"Die Presse"-Kommentar: "Lorbeer für einen Friedensmissionar" von Burkhard Bischof

Ausgabe vom 12.10.2002

Wien (OTS) - Also Jimmy Carter ist bestimmt nicht der übelste Friedenspreisträger, den das norwegische Nobelpreiskomitee in den vergangenen Jahrzehnten auserwählt hat. Da gab es schon noch einige andere Ehrungen von Politikern und Aktivisten, die sich im nachhinein als nachgerade ominös und peinlich erwiesen.
Oder kennt noch jemand die Namen der nordirischen "Peace People"? Oder der schwedischen Abrüstungspolitikerin Alva Myrdal? Und wie war das noch mit den Friedensnobelpreisen für Henry Kissinger, Schimon Peres oder Jassir Arafat?
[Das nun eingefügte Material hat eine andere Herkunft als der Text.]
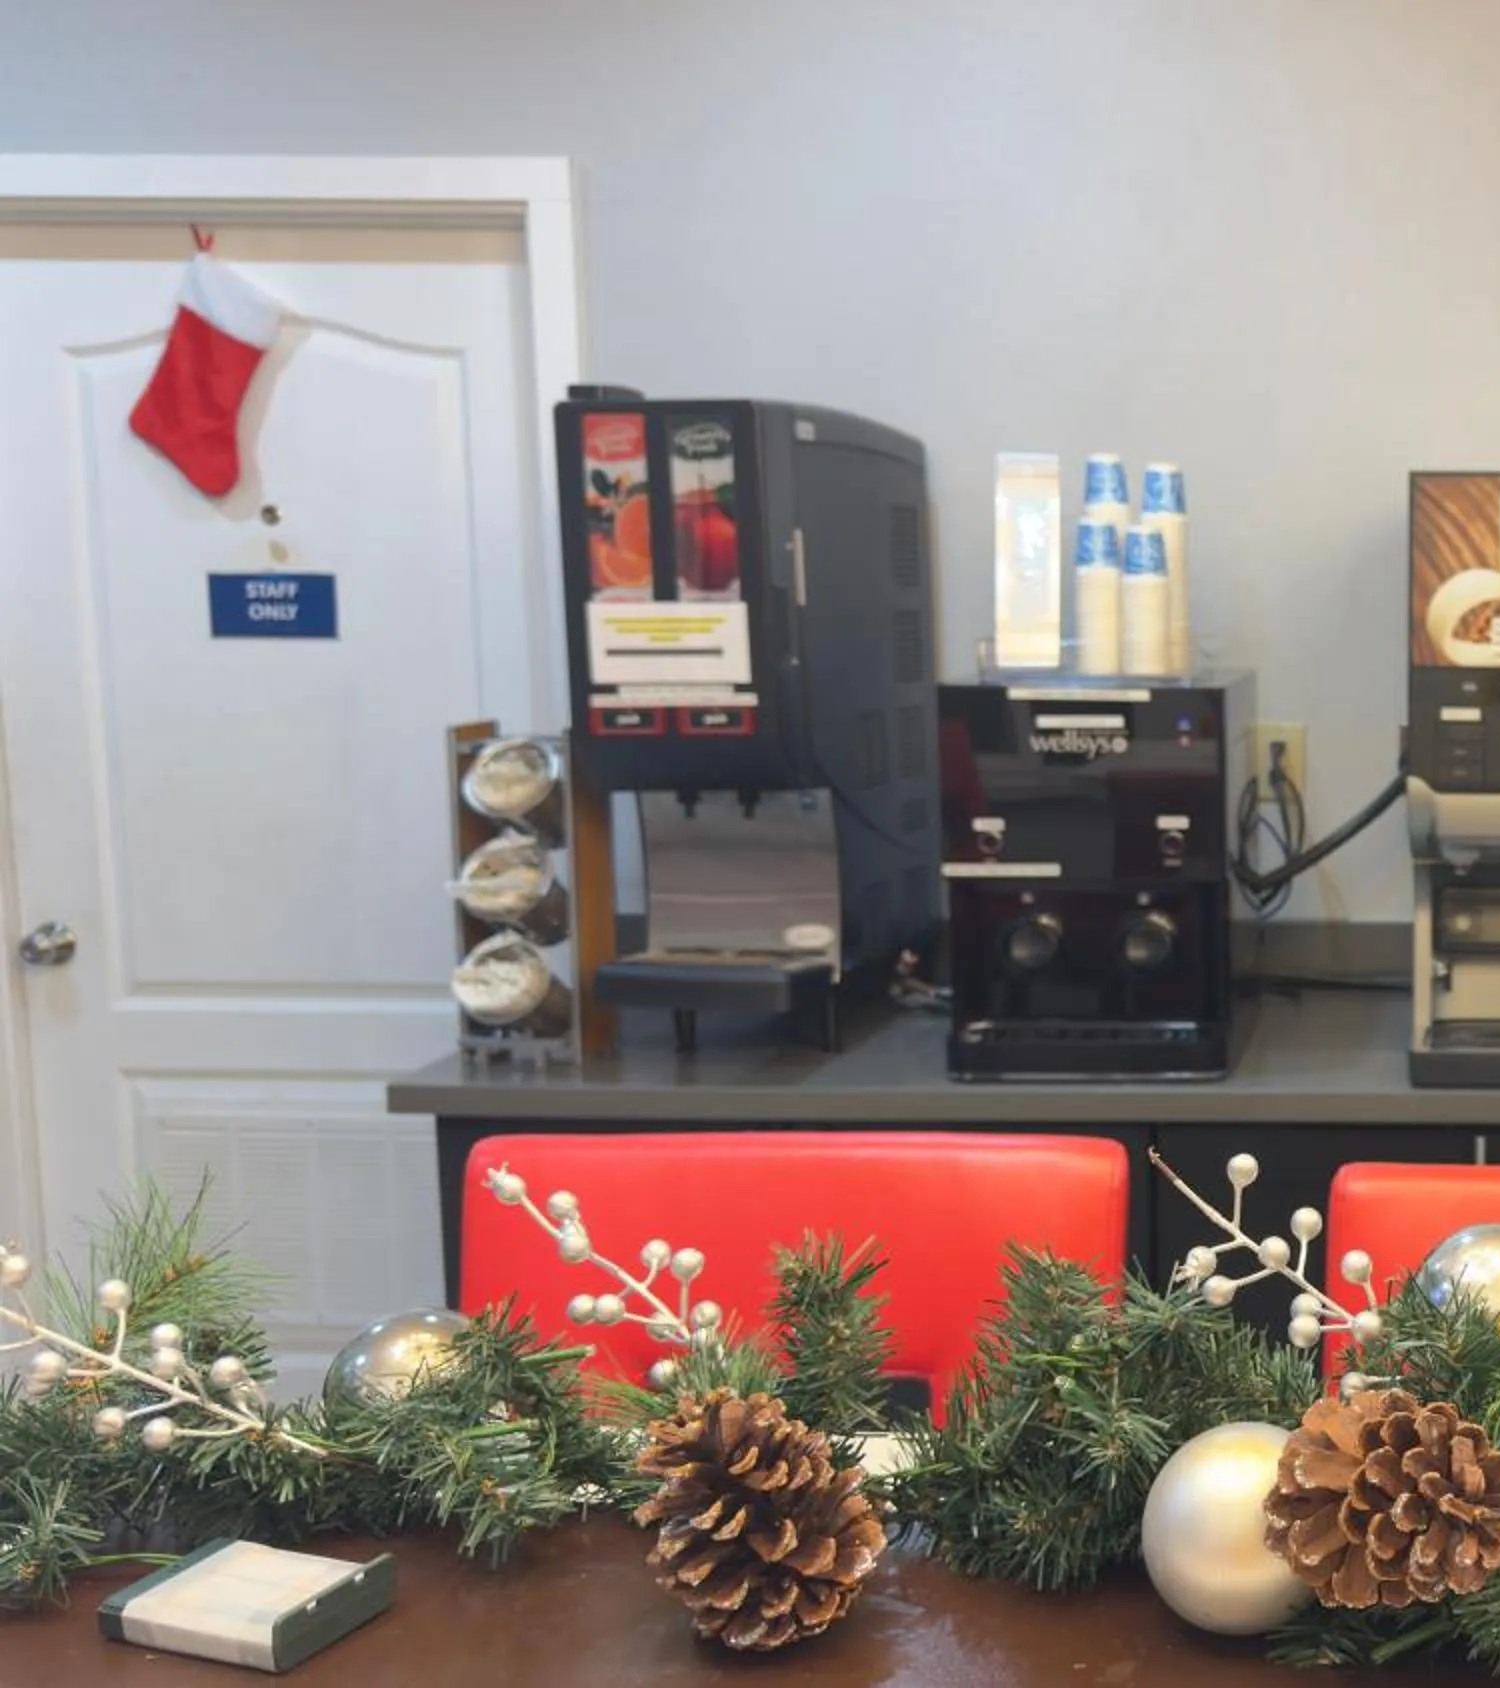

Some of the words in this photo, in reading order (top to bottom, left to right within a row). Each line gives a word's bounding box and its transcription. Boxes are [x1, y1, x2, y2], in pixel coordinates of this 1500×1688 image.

Welchen Frieden haben die geschaffen? Soll nur heißen: Die Auszeichnung insbesondere von Politikern mit dem Friedenspreis war immer schon einigermaßen problematisch, obwohl es auch solche gibt, die nicht nur eine solche Auszeichnung verdient hätten.
Daß die Wahl dieses Jahr auf Jimmy Carter fiel, ist so gesehen eine vertretbare, aber keine besonders kreative Entscheidung. Carter war bestimmt immer ein anständiger Politiker, auch als US-Präsident, wenn auch kein vom Glück beseelter. Und sein Engagement als Vermittler in den diversen Konfliktherden rund um den Globus war immer ehrlich und bemüht. Wenngleich Carters so typisch protestantisch-missionarischer Antrieb bei seinen Friedenseinsätzen, wie ihn viele Amerikaner an den Tag legen, auch nicht gerade jedermanns Geschmack ist.
Problematisch ist bei der gestrigen Osloer Entscheidung für den "Friedensapostel aus Georgia" etwas anderes: daß sie explizit als Ohrfeige für den "Kriegstreiber aus Texas" gedacht ist. "Europa schwimmt derzeit auf einem Meer des Antiamerikanismus", hat kürzlich der Gaullist Pierre Lellouche erklärt. Und tatsächlich ist US-Präsident George W. Bush derzeit ja so etwas wie der Gottseibeiuns in sämtlichen Wirtsstuben zwischen Palermo und Hammerfest.
Der Zufall spielte Regie, daß der US-Kongreß gestern dem Präsidenten zum Krieg gegen Irak eine Ermächtigung erteilte. Wenn Saddam Hussein den Forderungen Washingtons bezüglich scharfer Waffeninspektionen nicht zustimmt, wird Bush diesen Krieg führen. Und es ist naiv zu glauben, Friedensnobelpreisträger Jimmy Carter werde ihn aufhalten können.